As reprehensible as the Liverpool forward's biting of Branislav Ivanovic was, writes Jonathan Wilson, the reaction seems to have been inflated by the player's track record.
Luis Suarez a victim of reputation as much as own misdemeanours
Luis Suarez had been doing very well. He had been beginning to restore his reputation.
He was named on the six-man shortlist to be players' Player of the Year and had given a series of interviews that gave a glimpse of the relaxed, joking, self-aware man behind the snarling, hyped-up on field persona.
Here was somebody, it was possible to think, who played on the edge, tried to gain any advantage he could to win the game and occasionally went too far.
Even that, he said, he was trying to address thanks in part of the influence of his wife Sofia.
"She's my biggest critic, she always comes to watch me," he said in yesterday's Sunday Times. "She asks what I'm doing, why am I arguing with the referee. 'All you've done today is turn up to shout at people, why don't you concentrate on playing football?'
"If I don't, they [Sofia and his daughter, Delfina] won't come and watch me anymore. These are things my wife has picked up on and so has everyone else, so it has made me think."

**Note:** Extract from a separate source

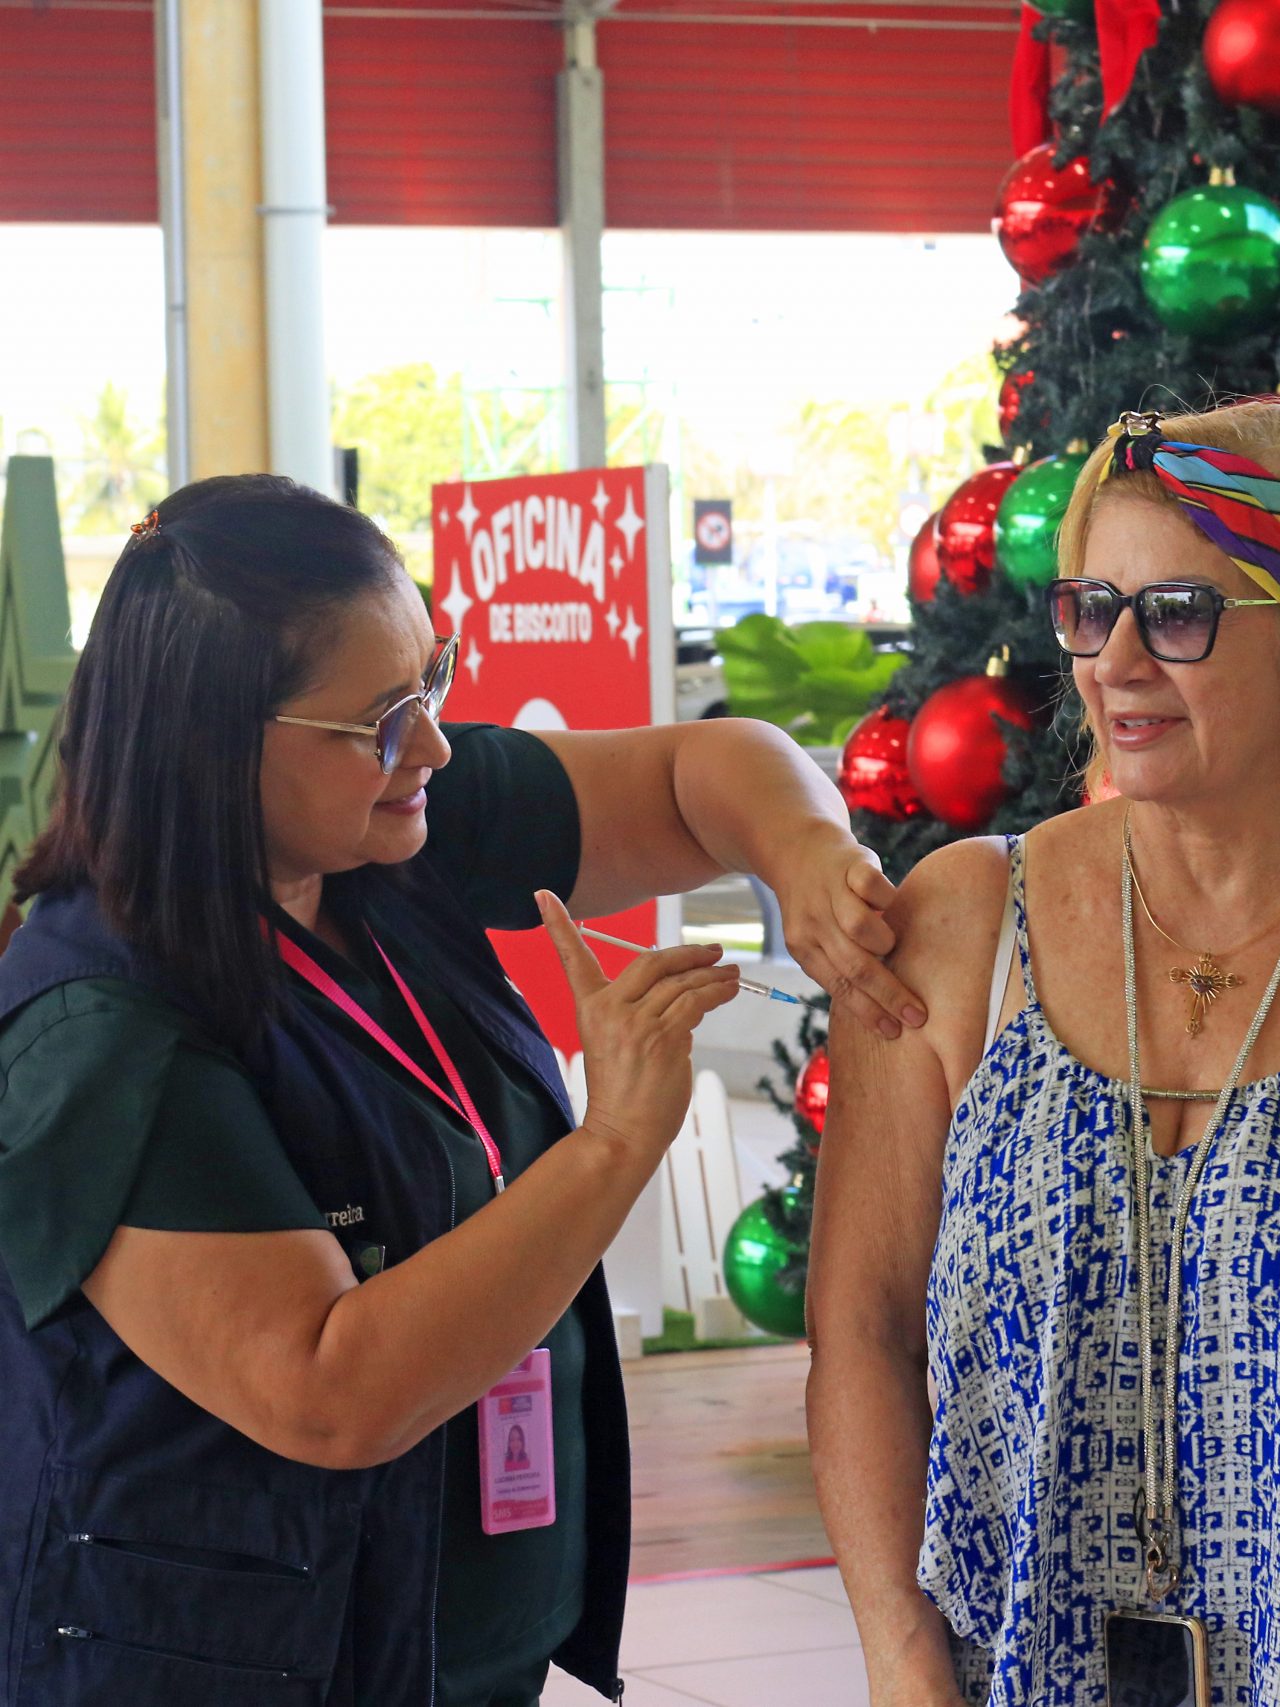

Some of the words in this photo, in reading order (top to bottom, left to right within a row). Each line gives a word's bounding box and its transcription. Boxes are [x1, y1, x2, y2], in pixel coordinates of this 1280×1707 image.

[471, 495, 605, 603] OFICINA
[489, 603, 513, 643] DE
[514, 602, 593, 643] BISCOITO

And then came Sunday's second half against Chelsea, which felt like a distillation of Suarez's career, the best and the worst crammed in to three quarters of an hour.
There was a magnificent pass for Daniel Sturridge to open the scoring. There was the needless handball that cost Liverpool a penalty. There was the headed equaliser in the final minute of injury time.
And, between the handball and the goal, there was the bite, Suarez sinking his not inconsiderable teeth into Branislav Ivanovic's arm.
Brendan Rodgers, the Liverpool manager, made a half-hearted effort at deflection, pointing to a stray elbow from Fernando Torres that had caught Jamie Carragher in the first half, but Liverpool soon accepted that Suarez's action was indefensible and inexcusable.
Suarez apologised a few hours after the game, ringing Ivanovic to say sorry. He will almost certainly face a lengthy ban - perhaps as much as the seven-game suspension he received while an Ajax player for biting PSV Eindhoven's Otman Bakkal on the neck.
There is a weary sense this is just another controversy among many: the incident in which he was found guilty of racially abusing Patrice Evra and banned for eight games, the alleged punch on Chile's Gonzalo Jarra in a World Cup qualifier for which he is being investigated by Fifa, the dives, the handballs, the gestures at fans ... Perhaps it's not surprising some have suggested Liverpool are best getting rid of him.
Yet reprehensible as the bite was, was it that bad? Obviously biting is wrong and obviously there should be a ban, but the unusualness of the offence seems to have inflated the reaction.
Play on the edge and occasionally you fall off. A punch or a bad tackle is far more likely to do serious damage. The former Liverpool captain Graeme Souness was vehement in his criticism of Suarez, yet he once punched the Dinamo Bucharest midfielder Lica Movila so hard in a European Cup semi-final that he broke his jaw in two places.
There have been biting incidents before: who remembers now that Jermain Defoe bit Javier Mascherano in 2006 and got away without a ban because he had been booked for the incident during the game?
Besides which, there are the pragmatic considerations. Football clubs simply don't get rid of successful, gifted players for episodes of indiscipline. Manchester United even managed to rehabilitate Eric Cantona after he kicked a fan.
Suarez is 26 and contracted until 2017 and insists he is happy at the club despite the lack of Champions League - and next season perhaps also Europa League - football.
It may be that Liverpool do sell him in the summer, but if they do it will be to cash in on asset near the peak of his value to fund wider investment, and not because of his behaviour.
A bite is bad but for Liverpool, for any club, the goals and the all-round play outweigh that.